START PROVIDED DATA

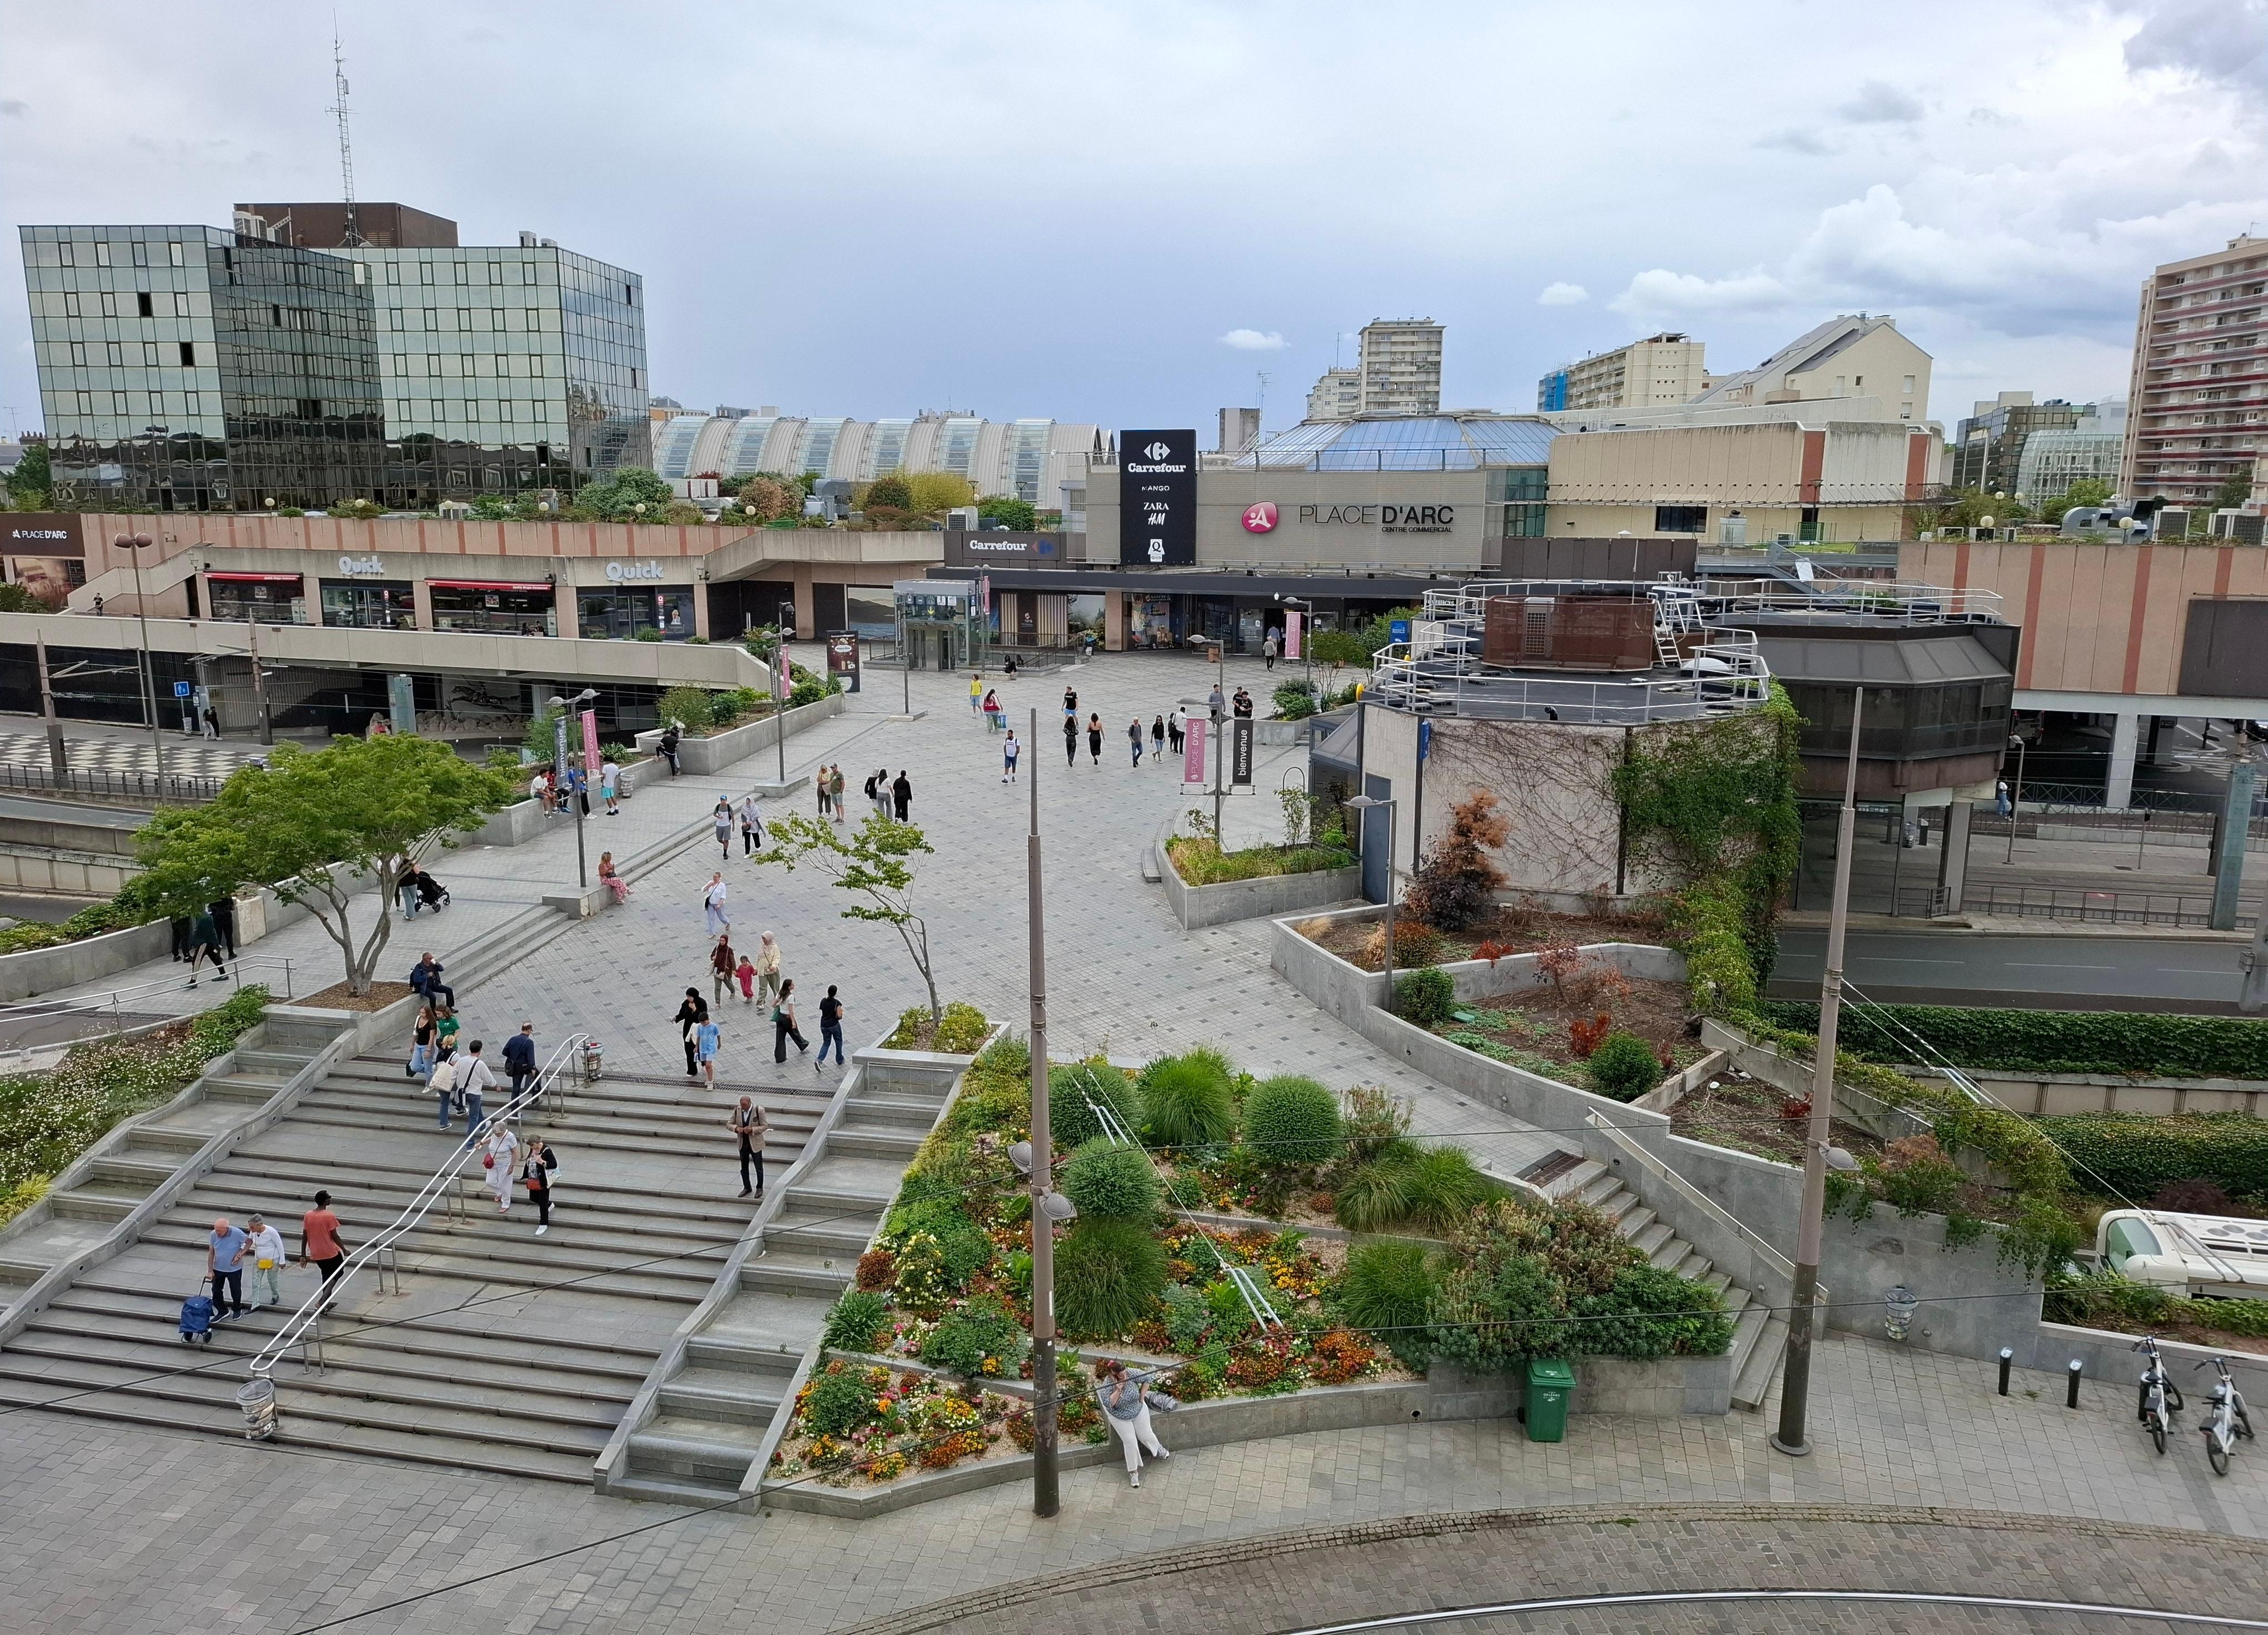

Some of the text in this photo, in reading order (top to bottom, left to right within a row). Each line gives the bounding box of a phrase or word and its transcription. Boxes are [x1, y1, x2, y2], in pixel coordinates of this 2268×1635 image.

[1128, 463, 1186, 473] Carrefour
[1299, 505, 1376, 524] PLACE
[1381, 505, 1454, 524] D'ARC
[44, 530, 67, 539] D'ARC
[969, 540, 1027, 550] Carrefour
[339, 555, 385, 575] Quick
[606, 560, 664, 582] Quick
[1238, 729, 1247, 776] bienvenue

END PROVIDED DATA

» EXERCISE PROMPT
Repeat all entries exactly. Skip the pictures.

» SOLUTION
Some of the text in this photo, in reading order (top to bottom, left to right within a row). Each line gives the bounding box of a phrase or word and its transcription. Boxes are [x1, y1, x2, y2], in pixel coordinates of this 2268×1635 image.

[1128, 463, 1186, 473] Carrefour
[1299, 505, 1376, 524] PLACE
[1381, 505, 1454, 524] D'ARC
[44, 530, 67, 539] D'ARC
[969, 540, 1027, 550] Carrefour
[339, 555, 385, 575] Quick
[606, 560, 664, 582] Quick
[1238, 729, 1247, 776] bienvenue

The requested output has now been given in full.